Barbados Gooseberry, lemon vine, blade apple, gooseberry shrub (Pereskia aculeata – Family Cactaceae) is the edible fruit of a cactus, grown mainly in the West Indies and Central America. It is not a typical cactus, but rather a leafy climbing shrub. The pear-shaped, small, yellowish or reddish fruits have a thin skin and contain many soft seeds. When ripe, these fruits are juicy, but somewhat tart. They can be eaten raw, but are usually stewed or made into preserves.
(Physalis peruviana – Family Solanacae)
Cape gooseberry, ground cherry, physalis, Chinese lantern, goldenberry, Peruvian cherry
coqueret du Peron (French), Kapstachelbeere/Goldbeere (German), uvilla/membrillo (Spanish), karviaskirsikka/ananaskirsikka (Finnish), rasbari (Hindi), tepari (Bengali), lobolobohan (Philippines), shima hozuki (Japanese), poha (Hawaiian), capuli (Peru/Bolivia), uvilla (Ecuador/Colombia), topotopo/chuchuva (Venezuela), capuli/bolsa de amor (Chile), cereza del Peru (Mexico), golden berry/pompeloes/apelliefie (South Africa), poc-poc (Réunion)
These gooseberries are of the same family as tomatoes, peppers, and potatoes (nightshades); although you would never guess by looking at them.
The small orange-gold berries are encased in a papery beige husk similar to a Chinese lantern or a green tomato.
They have a tart, mildly scented flavour reminiscent of a ripe dessert gooseberry that has a hint of strawberry. The ground cherry is a name applied to various plants, especially that of P. pruinos.
All bear fruits about the size of a cherry in a papery husk and, when preserved in a syrup, have the flavour of figs. A
lthough the genus Physalis is native to South America, Peru, and Chile, it was known to the Greeks as early as the 3rd century CE and introduced to England in the 18th century. They did not become popular until just recently, however.
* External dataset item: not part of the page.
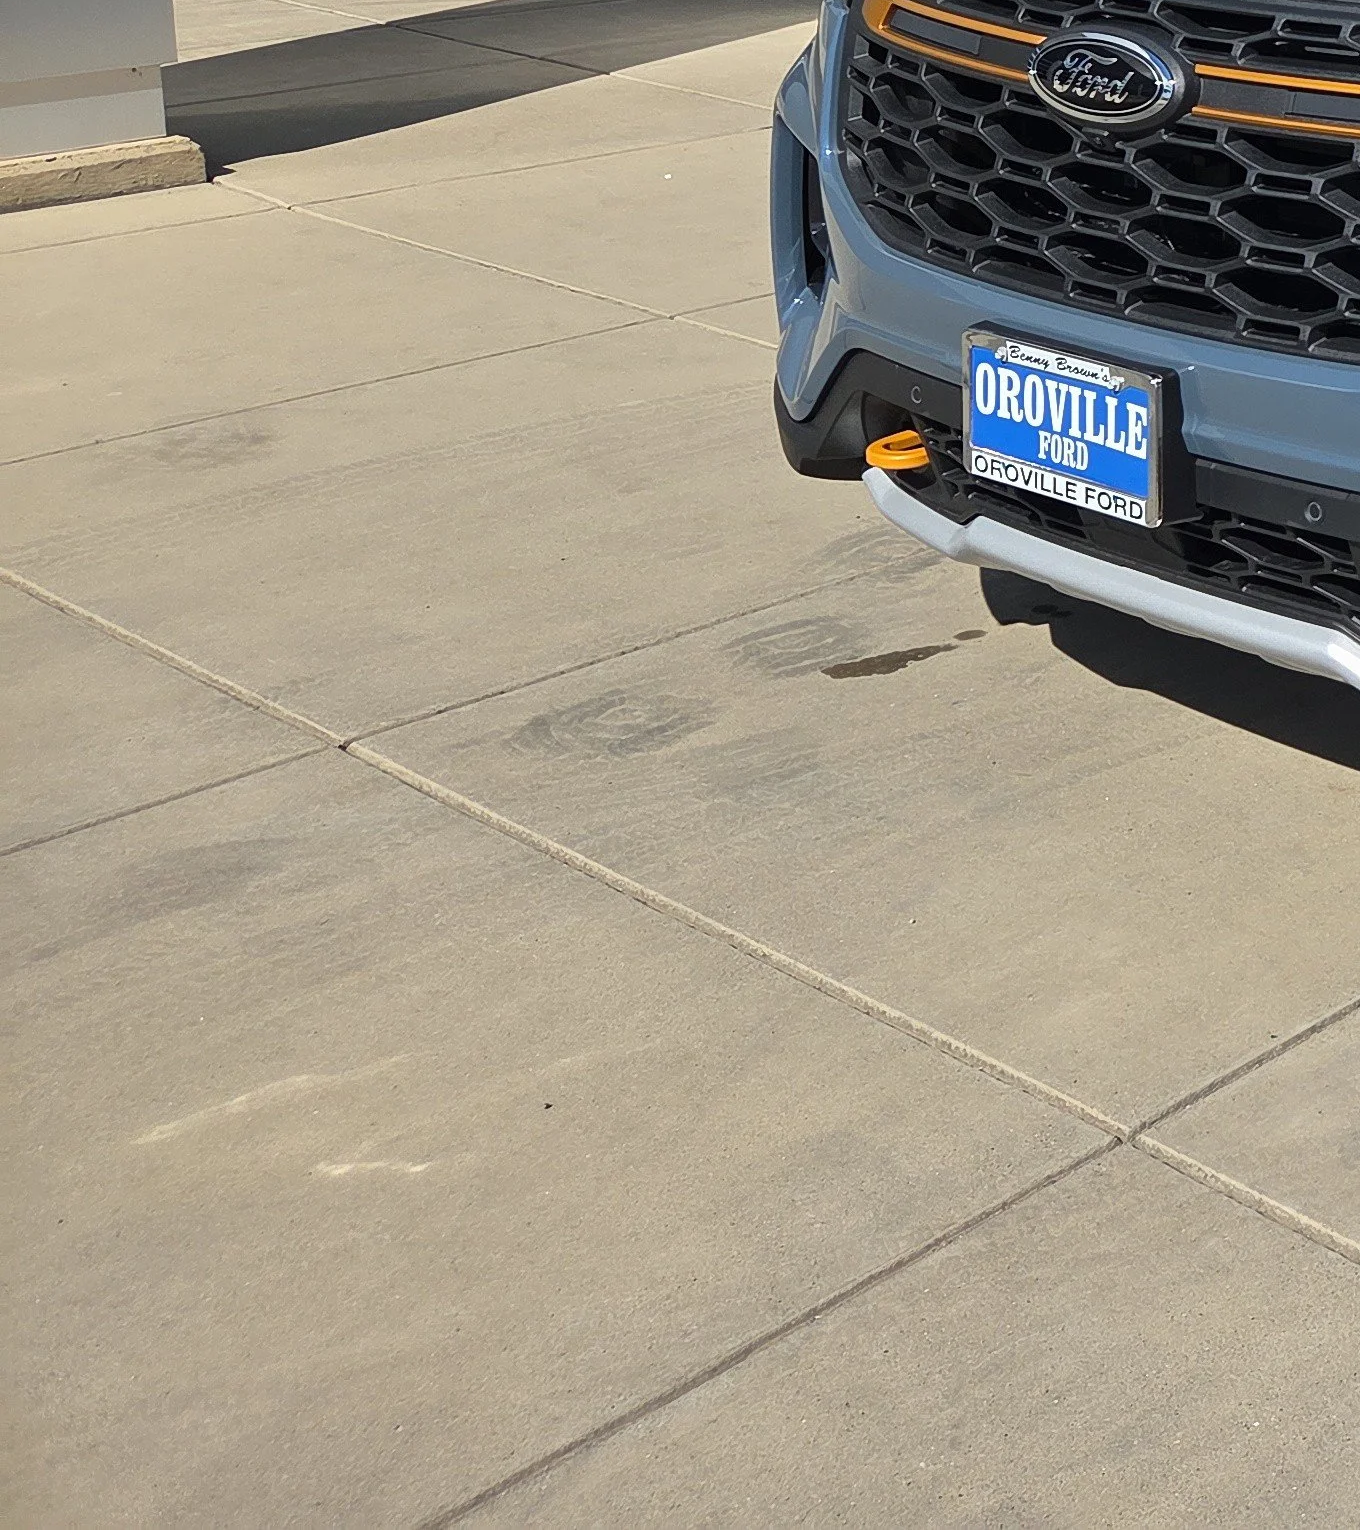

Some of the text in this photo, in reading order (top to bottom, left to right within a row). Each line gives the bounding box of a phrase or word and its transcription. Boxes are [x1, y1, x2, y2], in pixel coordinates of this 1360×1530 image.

The early settlers in South Africa cultivated these plants in the Cape of Good Hope area, which contributed to their common name. It has since been introduced to many countries, but is now widely known by the Hawaiian name “poha”, and enthusiastically cultivated and eaten by them.
The fruit is about the size of a cherry, yellow-green or orange, with a thin waxy skin. Its juice contains many small seeds. The flavour is distinctive and pleasant, and can be eaten raw or used like strawberries.
The best way to handle them raw is when the cream-coloured paper husk is peeled back and used as a handle, leaving the berry free to be eaten. They make a good jam, but do not have enough pectin to make a good jelly.
(Phyllanthus acidus/P. distichus or Cicca disticha/C. acida or Averrhoa acida – Family Euphorbiaceae)
Otaheite Gooseberry, gooseberry tree
Chéramélier (French), harpharowri (major Indian languages), hari phal (Bengali), aranelli (Tamil), thin-baw-ni-byu (Burmese), ma yom (Thai), chermai (Malay), cermé (Indonesian), amedamanoki (Japanese), ciruela corteña/manzana estrella (Mexico), cerezo occidental (Cuba), jimbelin (Jamaica)
This is another berry from an entirely different family and one related to the castor bean. Their tart flavour is like that of a gooseberry but there is no other connection to that fruit.
They are one of the few useful fruits in a large genus whose botanical name means “leaf flower”. This refers to the unusual manner in which flowers grow along the edges of the leaf-like branches. Since the flowers develop into fruits, the fruits, too, occupy this odd position.
Their origin is obscure; but they are indigenous to Madagascar and have been cultivated for centuries in southern India and parts of Southeast Asia, notably Sumatra.
The fruit has since spread throughout the Caribbean islands and the mainland of Central America. The name Otaheite seems to indicate a connection to Tahiti, where children enjoyed eating it in the form of sweets called “seurettes”. The tree is a massively abundant bearer of clusters of fruit.
The fruits are ribbed about the size and colour of green grapes, turning a light yellow when ripe. In India, they are sometimes made into pickles or preserves or cooked to make a filling for pies.